--- WORK ITEM ---
Every line of the listing must be reproduced as it stands. Leave the images behind.

Top of ENTRIES SUPPLIED

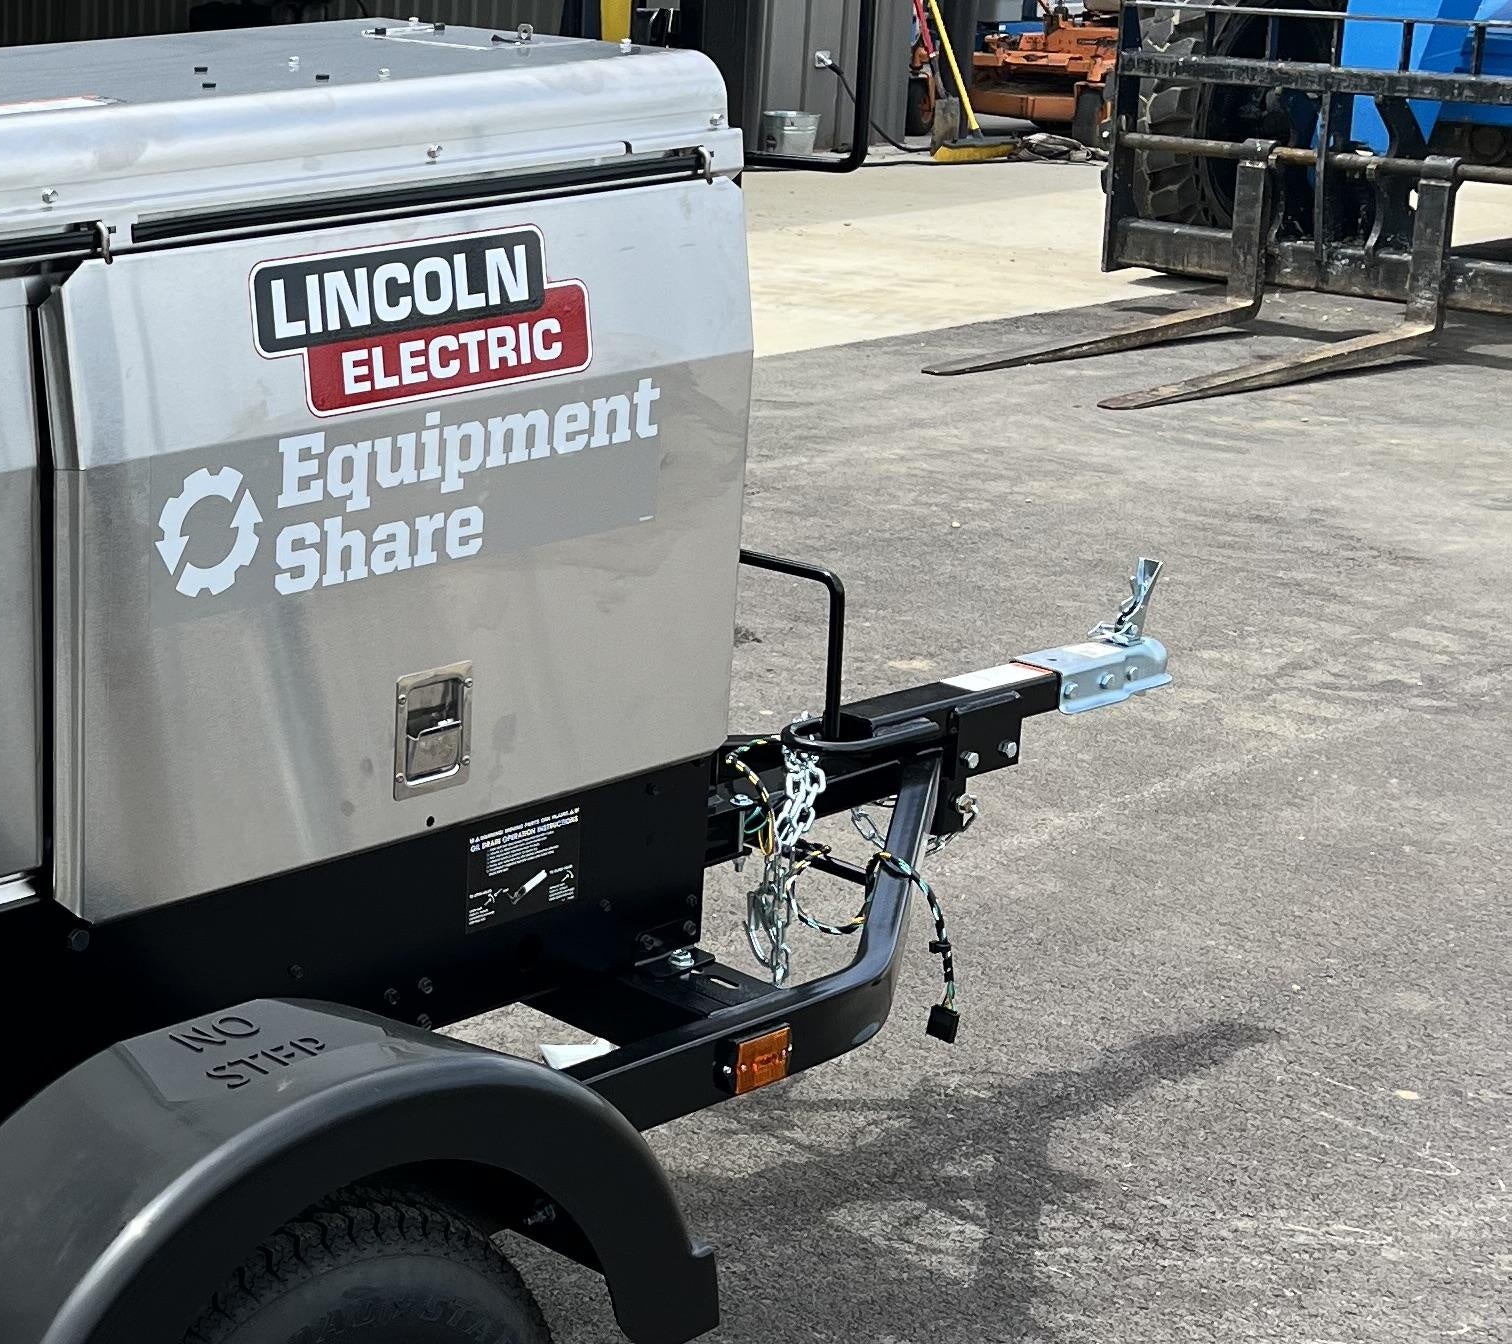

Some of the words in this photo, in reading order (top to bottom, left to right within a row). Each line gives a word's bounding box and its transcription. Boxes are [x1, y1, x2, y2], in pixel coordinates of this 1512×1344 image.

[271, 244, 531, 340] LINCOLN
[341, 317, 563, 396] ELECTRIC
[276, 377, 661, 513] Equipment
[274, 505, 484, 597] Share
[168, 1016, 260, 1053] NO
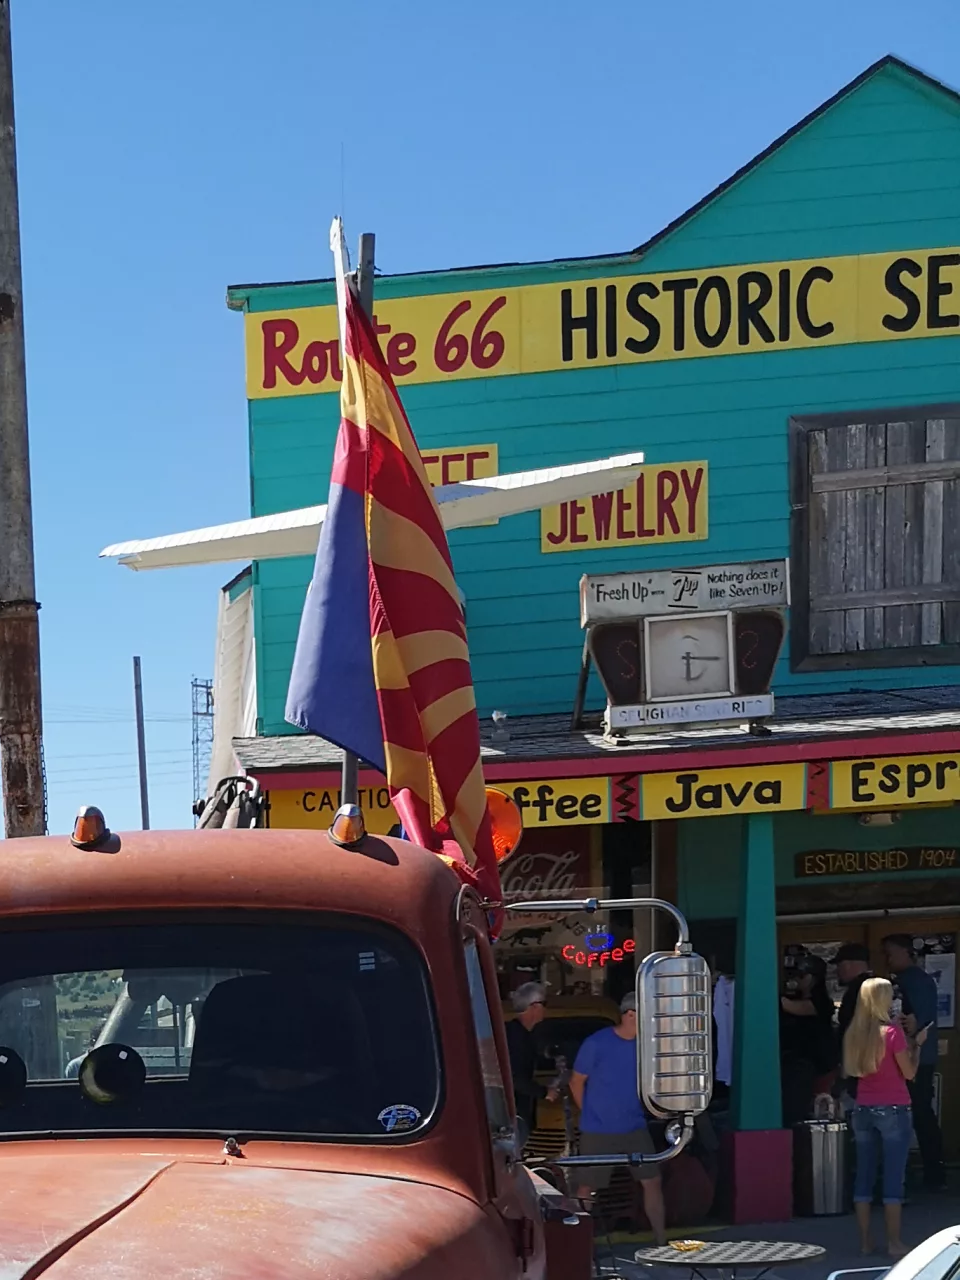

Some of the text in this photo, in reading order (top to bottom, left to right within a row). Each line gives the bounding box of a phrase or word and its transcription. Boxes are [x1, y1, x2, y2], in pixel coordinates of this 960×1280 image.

Bottom of ENTRIES SUPPLIED

--- WRITTEN SOLUTION ---
Some of the words in this photo, in reading order (top to bottom, left to right within a row). Each line gives a word's bounding box and its transcription. Boxes are [x1, y1, x2, y2], in pixel coordinates of this 1512×1344 image.

[271, 244, 531, 340] LINCOLN
[341, 317, 563, 396] ELECTRIC
[276, 377, 661, 513] Equipment
[274, 505, 484, 597] Share
[168, 1016, 260, 1053] NO

Some of the text in this photo, in reading order (top to bottom, left to right within a row). Each line gives the bounding box of a phrase or word and its transcription. Boxes are [x1, y1, x2, y2], in pixel coordinates of this 960×1280 image.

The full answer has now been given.